Task goal => Every entry below should be transcribed exactly; pictures stay out of the copy.

Dataset records =>
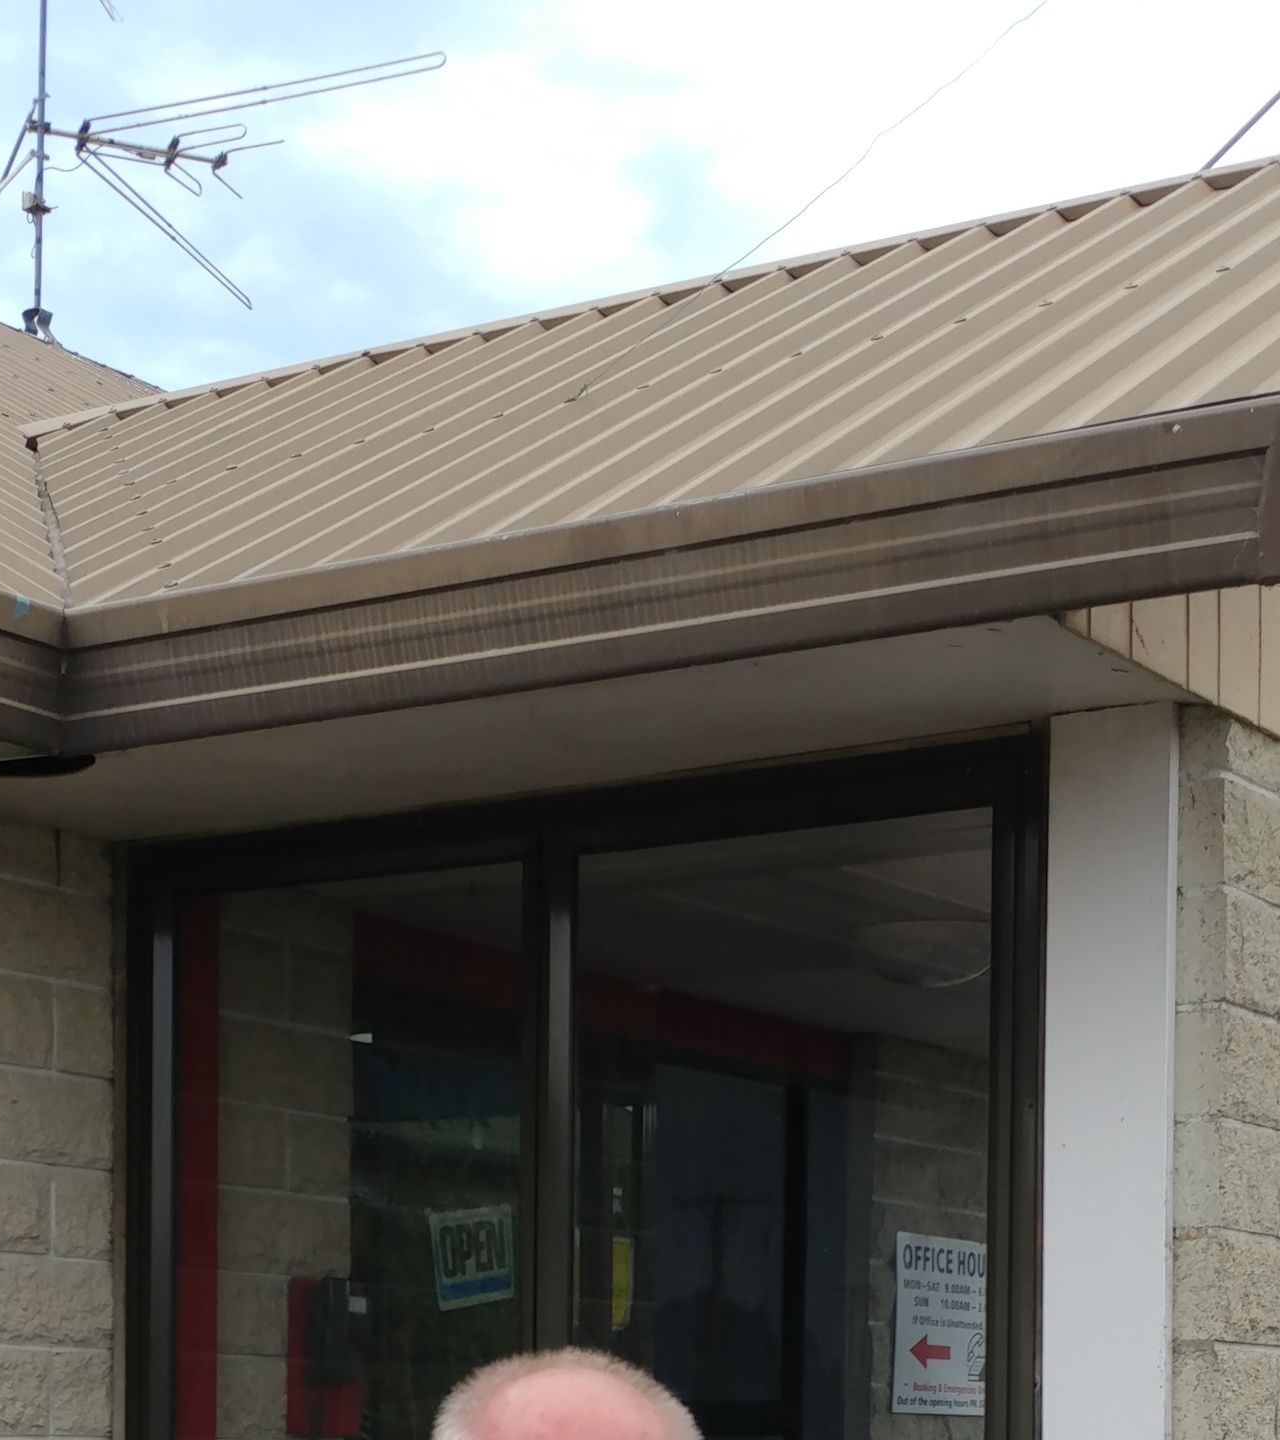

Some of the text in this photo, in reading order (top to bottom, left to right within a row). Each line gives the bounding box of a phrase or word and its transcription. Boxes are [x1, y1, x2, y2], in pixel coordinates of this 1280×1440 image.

[439, 1219, 508, 1278] OPEN
[903, 1243, 953, 1274] OFFICE
[914, 1296, 929, 1308] SUN
[940, 1298, 970, 1311] 10.00AM
[919, 1315, 939, 1327] Office
[897, 1396, 908, 1406] Out
[909, 1396, 917, 1406] of
[918, 1396, 928, 1406] the
[929, 1397, 952, 1409] opening
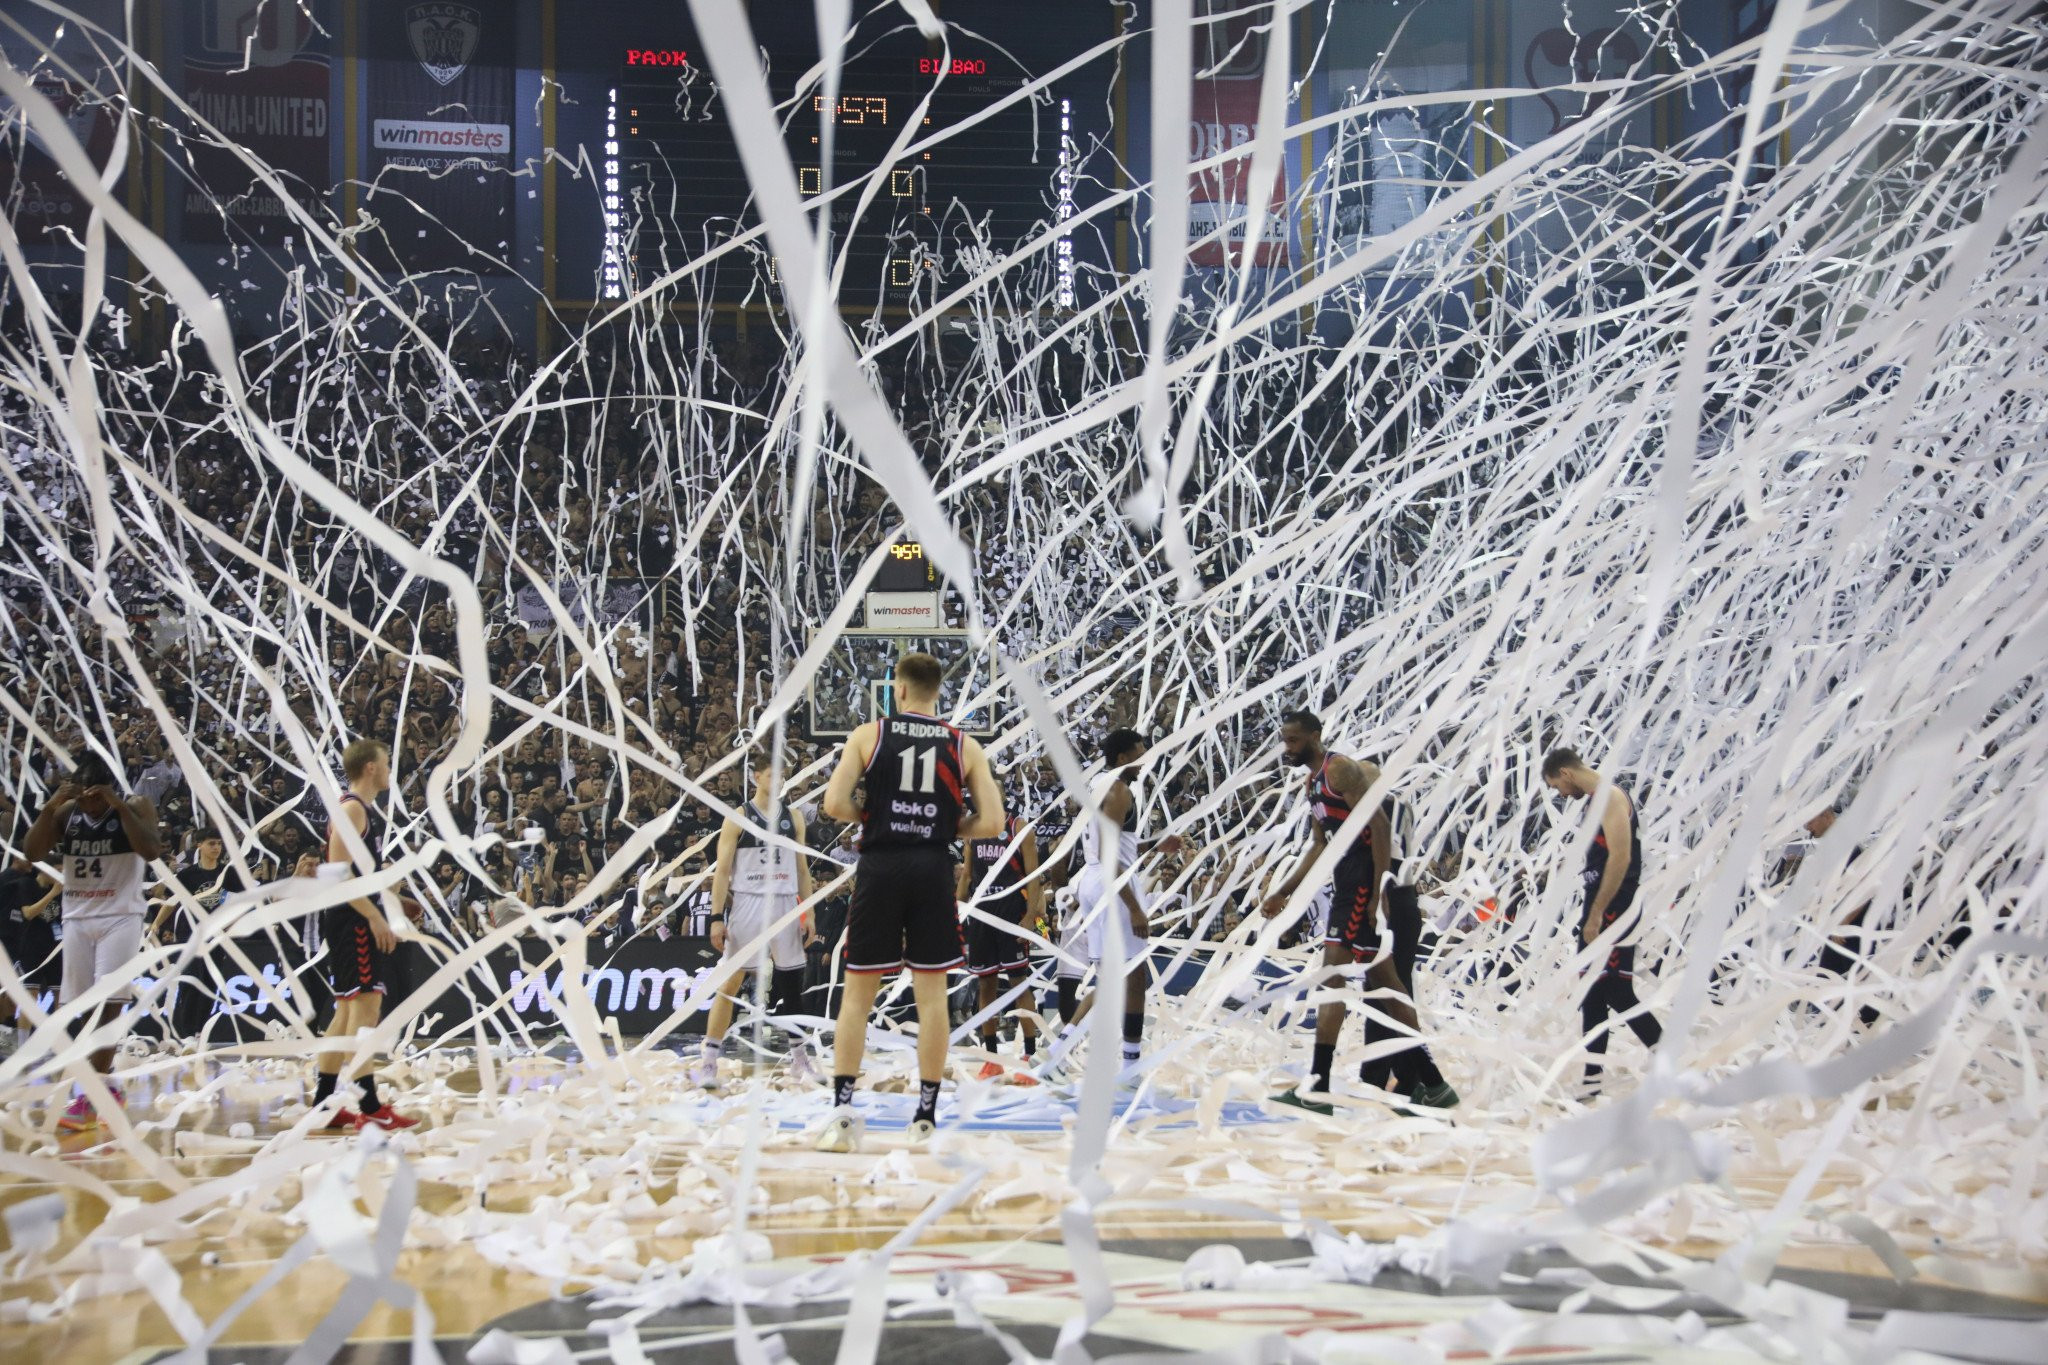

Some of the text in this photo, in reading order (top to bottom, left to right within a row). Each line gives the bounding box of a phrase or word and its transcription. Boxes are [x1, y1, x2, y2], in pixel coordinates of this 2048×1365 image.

[626, 49, 688, 66] PAOK
[920, 59, 986, 75] BIBAO
[608, 106, 616, 120] 2
[381, 125, 503, 147] winmasters
[386, 156, 441, 169] ΜΕΓΑΛΟΣ
[800, 167, 821, 194] 0
[892, 170, 912, 196] 0
[890, 544, 922, 559] 9:59
[873, 605, 931, 616] winmasters
[891, 722, 908, 734] DE
[908, 723, 950, 738] RIDDER
[898, 745, 937, 793] 11
[892, 800, 923, 816] bbk
[302, 810, 329, 824] CLU
[890, 820, 933, 838] vueling
[70, 840, 114, 855] PAOK
[74, 858, 103, 878] 24
[64, 888, 117, 898] winmasters
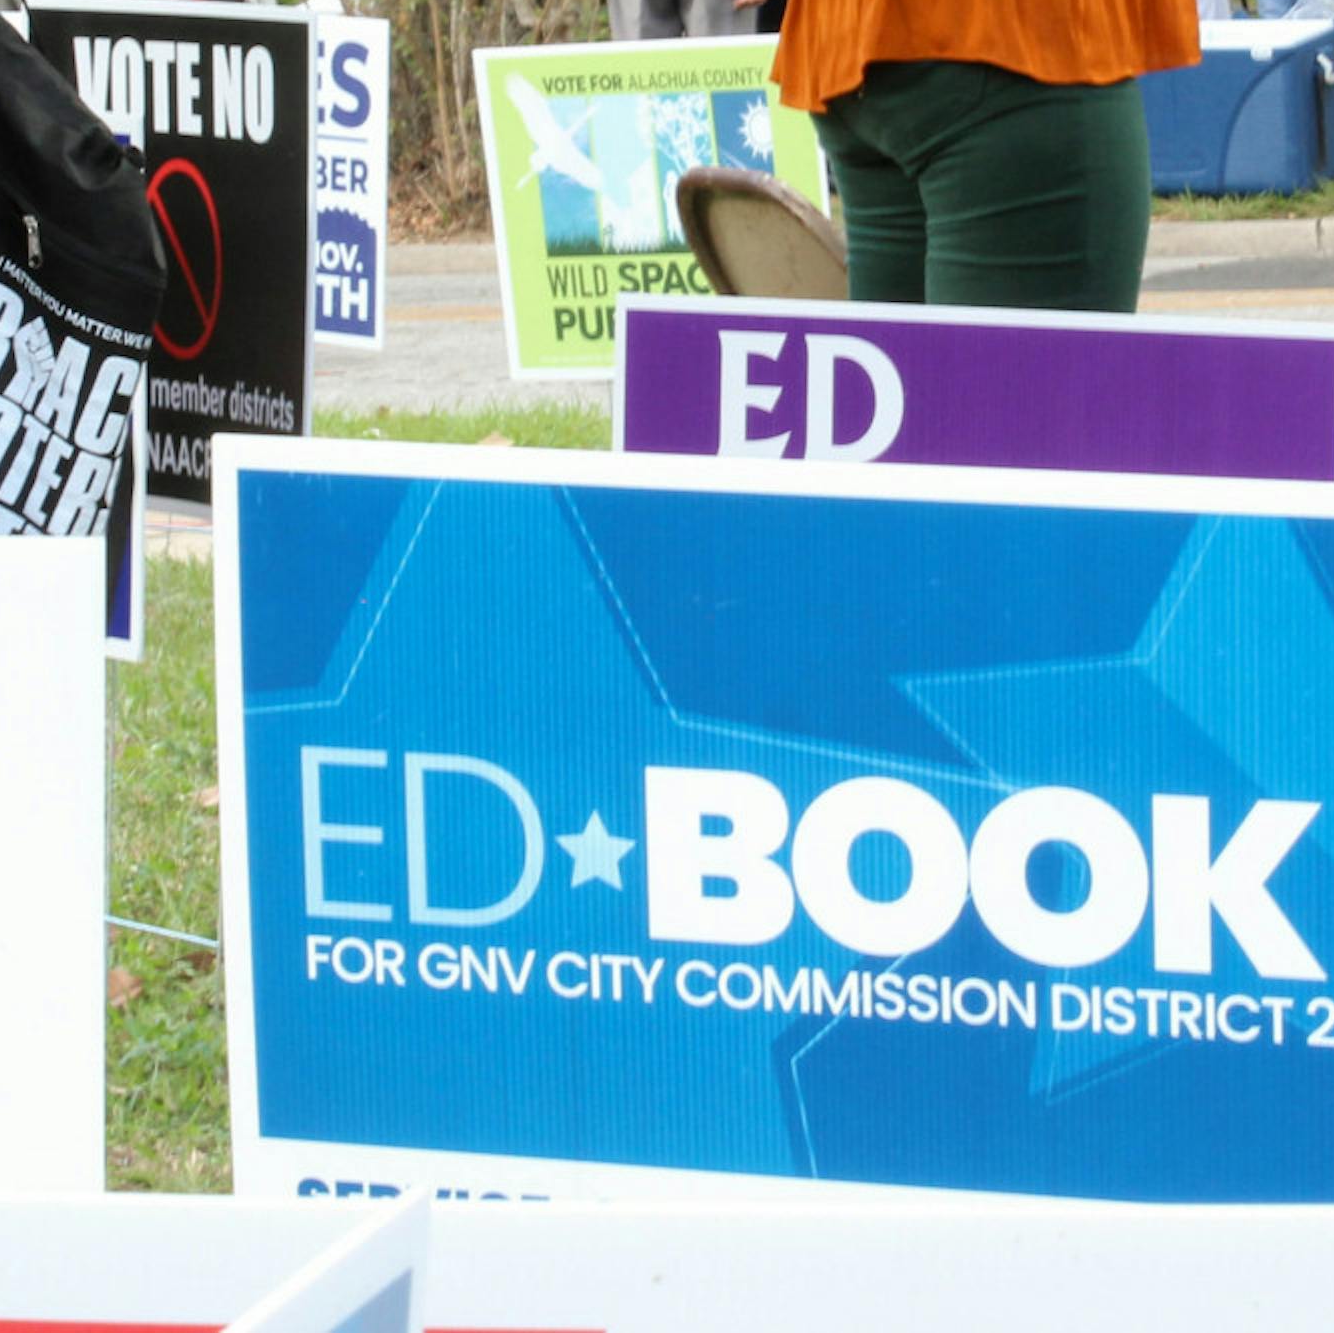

Solution for this exercise =>
Some of the text in this photo, in reading order (top to bottom, left to right within a row). Each line gives the bounding box of a phrase or word and its transcription. Boxes are [x1, y1, x2, y2], in pixel coordinates of this 1280×1440 image.

[439, 1219, 508, 1278] OPEN
[903, 1243, 953, 1274] OFFICE
[914, 1296, 929, 1308] SUN
[940, 1298, 970, 1311] 10.00AM
[919, 1315, 939, 1327] Office
[897, 1396, 908, 1406] Out
[909, 1396, 917, 1406] of
[918, 1396, 928, 1406] the
[929, 1397, 952, 1409] opening

Some of the text in this photo, in reading order (top to bottom, left to right within a row). Each line gives the bounding box of a phrase or word and its transcription. Boxes are [x1, y1, x2, y2], in pixel coordinates of this 2048×1365 image.

[626, 49, 688, 66] PAOK
[920, 59, 986, 75] BIBAO
[608, 106, 616, 120] 2
[381, 125, 503, 147] winmasters
[386, 156, 441, 169] ΜΕΓΑΛΟΣ
[800, 167, 821, 194] 0
[892, 170, 912, 196] 0
[890, 544, 922, 559] 9:59
[873, 605, 931, 616] winmasters
[891, 722, 908, 734] DE
[908, 723, 950, 738] RIDDER
[898, 745, 937, 793] 11
[892, 800, 923, 816] bbk
[302, 810, 329, 824] CLU
[890, 820, 933, 838] vueling
[70, 840, 114, 855] PAOK
[74, 858, 103, 878] 24
[64, 888, 117, 898] winmasters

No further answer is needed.